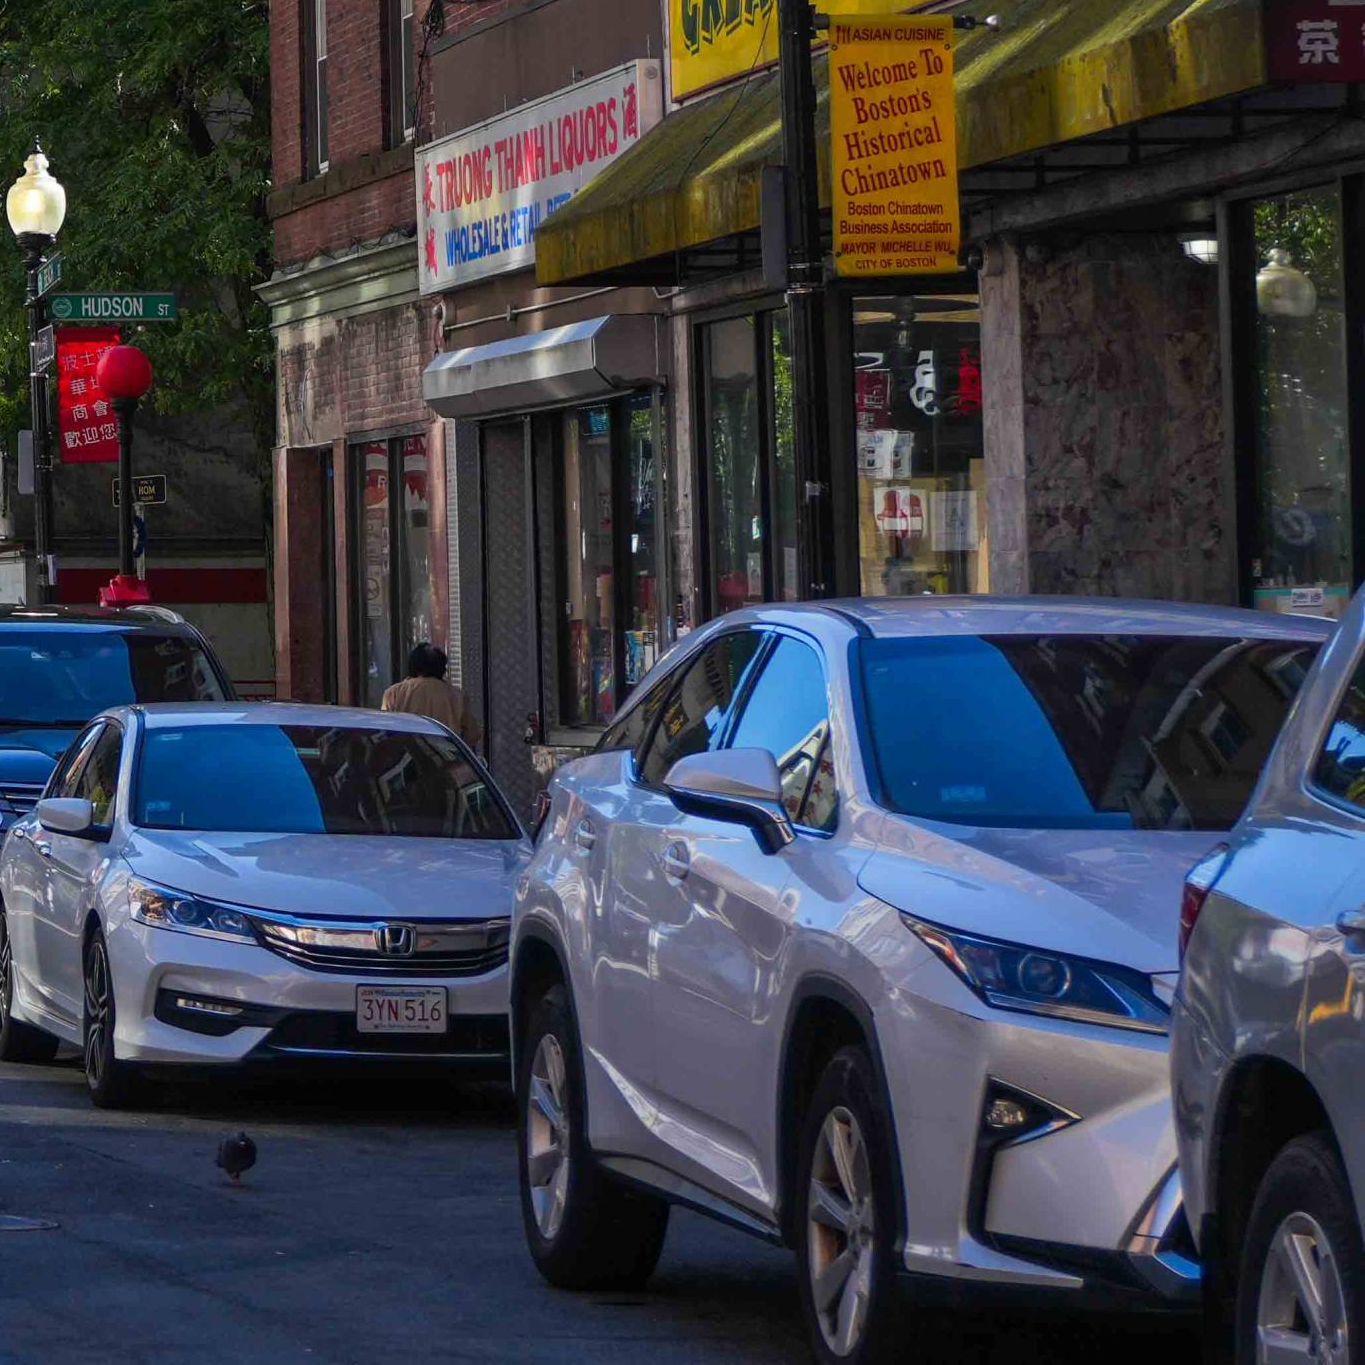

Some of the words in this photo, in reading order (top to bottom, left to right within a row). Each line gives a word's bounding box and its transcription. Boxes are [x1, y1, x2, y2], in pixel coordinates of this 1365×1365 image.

[852, 28, 891, 41] ASIAN
[894, 28, 945, 41] CUISINE
[1296, 18, 1365, 65] 茶
[837, 60, 918, 93] Welcome
[919, 48, 944, 76] To
[852, 87, 932, 124] Boston's
[843, 116, 943, 162] Historical
[436, 144, 493, 213] TRUONG
[494, 121, 547, 195] THANH
[548, 96, 619, 177] LIQUORS
[840, 157, 947, 197] Chinatown
[848, 201, 886, 216] Boston
[887, 201, 944, 216] Chinatown
[840, 220, 889, 235] Business
[891, 220, 952, 235] Association
[445, 213, 501, 268] WHOLESALE
[501, 215, 510, 252] &
[841, 242, 876, 255] MAYOR
[880, 241, 932, 254] MICHELLE
[934, 240, 951, 253] WU
[855, 258, 877, 270] CITY
[880, 258, 894, 269] OF
[895, 257, 937, 268] BOSTON
[81, 297, 143, 317] HUDSON
[157, 303, 170, 317] ST
[71, 400, 109, 422] 商會
[64, 423, 118, 449] 歡迎您
[362, 998, 399, 1022] 3YN
[404, 999, 442, 1022] 516
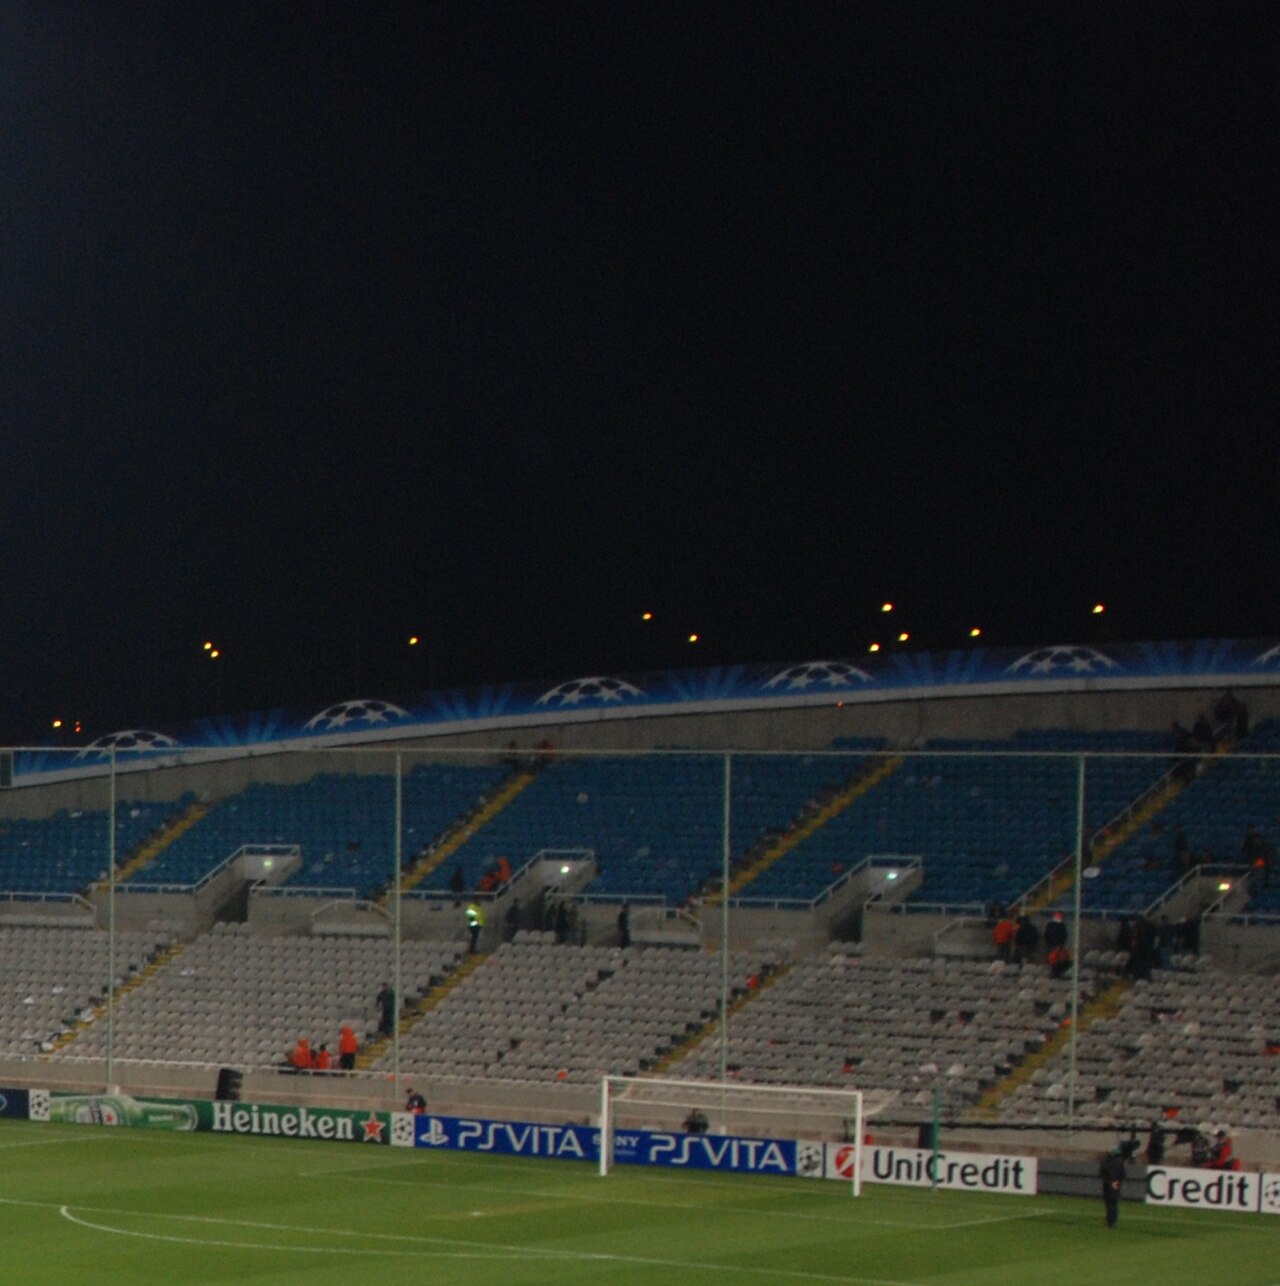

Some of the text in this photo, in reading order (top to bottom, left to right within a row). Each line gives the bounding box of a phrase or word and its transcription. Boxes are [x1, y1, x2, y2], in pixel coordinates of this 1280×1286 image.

[211, 1102, 354, 1139] Heineken
[593, 1133, 639, 1147] SNY
[873, 1149, 1024, 1190] UniCredit

TASK: Everything in the entries above should be written out again exactly, except the images.

PROBLEM SOLUTION:
Some of the words in this photo, in reading order (top to bottom, left to right within a row). Each line gives a word's bounding box and its transcription. Boxes are [x1, y1, x2, y2], in pixel coordinates of this 1365×1365 image.

[852, 28, 891, 41] ASIAN
[894, 28, 945, 41] CUISINE
[1296, 18, 1365, 65] 茶
[837, 60, 918, 93] Welcome
[919, 48, 944, 76] To
[852, 87, 932, 124] Boston's
[843, 116, 943, 162] Historical
[436, 144, 493, 213] TRUONG
[494, 121, 547, 195] THANH
[548, 96, 619, 177] LIQUORS
[840, 157, 947, 197] Chinatown
[848, 201, 886, 216] Boston
[887, 201, 944, 216] Chinatown
[840, 220, 889, 235] Business
[891, 220, 952, 235] Association
[445, 213, 501, 268] WHOLESALE
[501, 215, 510, 252] &
[841, 242, 876, 255] MAYOR
[880, 241, 932, 254] MICHELLE
[934, 240, 951, 253] WU
[855, 258, 877, 270] CITY
[880, 258, 894, 269] OF
[895, 257, 937, 268] BOSTON
[81, 297, 143, 317] HUDSON
[157, 303, 170, 317] ST
[71, 400, 109, 422] 商會
[64, 423, 118, 449] 歡迎您
[362, 998, 399, 1022] 3YN
[404, 999, 442, 1022] 516

Some of the text in this photo, in reading order (top to bottom, left to right within a row). Each line gives the bounding box of a phrase or word and its transcription. Boxes are [x1, y1, x2, y2], in pixel coordinates of this 1280×1286 image.

[211, 1102, 354, 1139] Heineken
[593, 1133, 639, 1147] SNY
[873, 1149, 1024, 1190] UniCredit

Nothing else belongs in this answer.